Country-level measures of investments in public health or education were also unable to explain the association between democracy and health. Perhaps the benefits of country-level investments in education and public health primarily accrue to small subsets of the population (e.g., children and adolescents) that are not available in our data. Alternately, our results may suggest the presence of the “prevention paradox,” wherein investments in education or public health that provide large benefits to population health, might have little impact on the health of any single individual (Rose, 2001). Besley & Kudamatsu (2006) find that compared to non-democratic nations, democracies are much more likely to spend more on health and to invest in sanitation, clean water, and vaccinations. But, consistent with our findings, Klomp and de Haan (2009) find no evidence that country-level public health interventions, education, or economic inequality mediate the association between democracy and health.

Our results show that individual-level SES measures—educational attainment, employment, and assets—do not mediate the association between democratic governance and self-rated health. Nevertheless, individual-level education, wealth, and employment are each positively associated with self-rated health, even though country-level investments in education are not. Country-level investments in education may provide small benefits to numerous individuals. But the individual-level measures of SES reflect realized levels of education, wealth, and employment for specific individuals, which likely pay greater dividends for health (Krueger & Burgard, 2011). None of our proposed mediators significantly explain even a portion of the association between democracy and health. Our findings mirror those of Klomp and de Haan (2009), who use aggregate data from 171 countries over a 5-year period, and find that country-level income inequality and investments in health and education, do not mediate the association between democracy and health. Future research should continue to search for mediators, to clarify the mechanisms that link democracy to better health.

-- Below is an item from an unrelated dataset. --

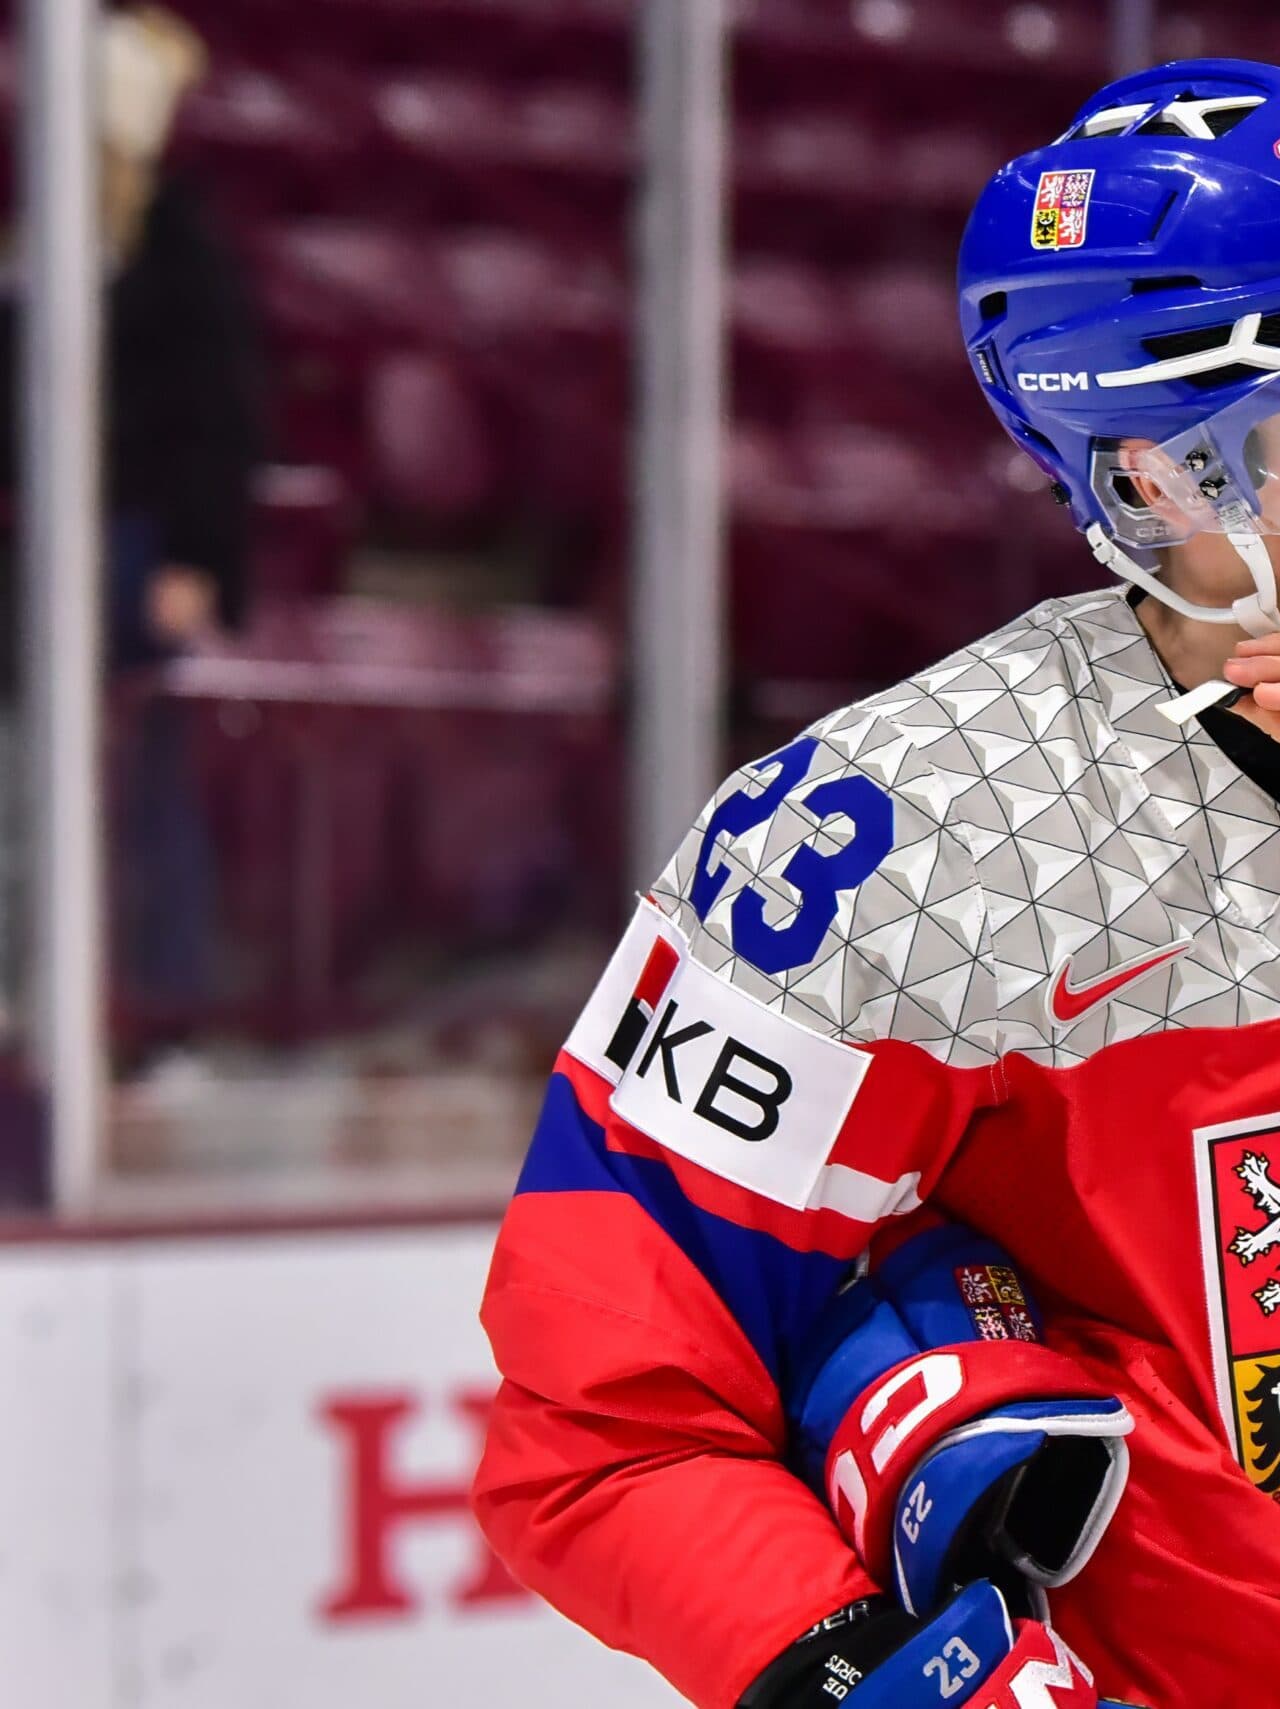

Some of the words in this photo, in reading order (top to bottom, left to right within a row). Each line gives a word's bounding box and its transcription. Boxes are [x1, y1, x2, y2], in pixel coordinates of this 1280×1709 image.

Our third aim examined whether SES disparities in health vary across levels of democracy. Although both democracy and individual-level measures of SES are persistently associated with health, we find no significant interactions between democracy and our SES variables. Our findings are consistent with findings that socioeconomic disparities persist even in contemporary welfare states (Mackenbach, 2012). Safety nets such as unemployment insurance, food assistance, subsidized housing, tax credits, or medical care may be more common in more democratic countries (Acemoglu & Robinson, 2000), but those programs may not be adequate to reduce socioeconomic disparities in health. Indeed, over time, some nations may shift welfare spending away from the most vulnerable populations and toward middle income, employed, or married recipients (Moffitt, 2015; Ross, 2006). Thus, higher levels of democracy are associated with better health for all residents of a country, but democratic governance cannot explain the SES disparities in health that are observed in both high-income and low-income nations (Mackenbach, 2012; Subramanian et al., 2010). Separate analyses (not shown) also failed to find support for interactions between sex and the level of democracy.

Strengths and Limitations

The strengths of our data include the use of a large, multilevel data set that includes countries from all regions of the world and all levels of economic development. Our analyses include both individual- and country-level variables, and test for cross-level interactions. Ancillary analyses (not shown) adjusted for union status (married or cohabiting versus no partner in the household), but the variable was not associated with self-rated health in any of our models. Further, separate models also found no support for an interaction between the democracy factor and GDP.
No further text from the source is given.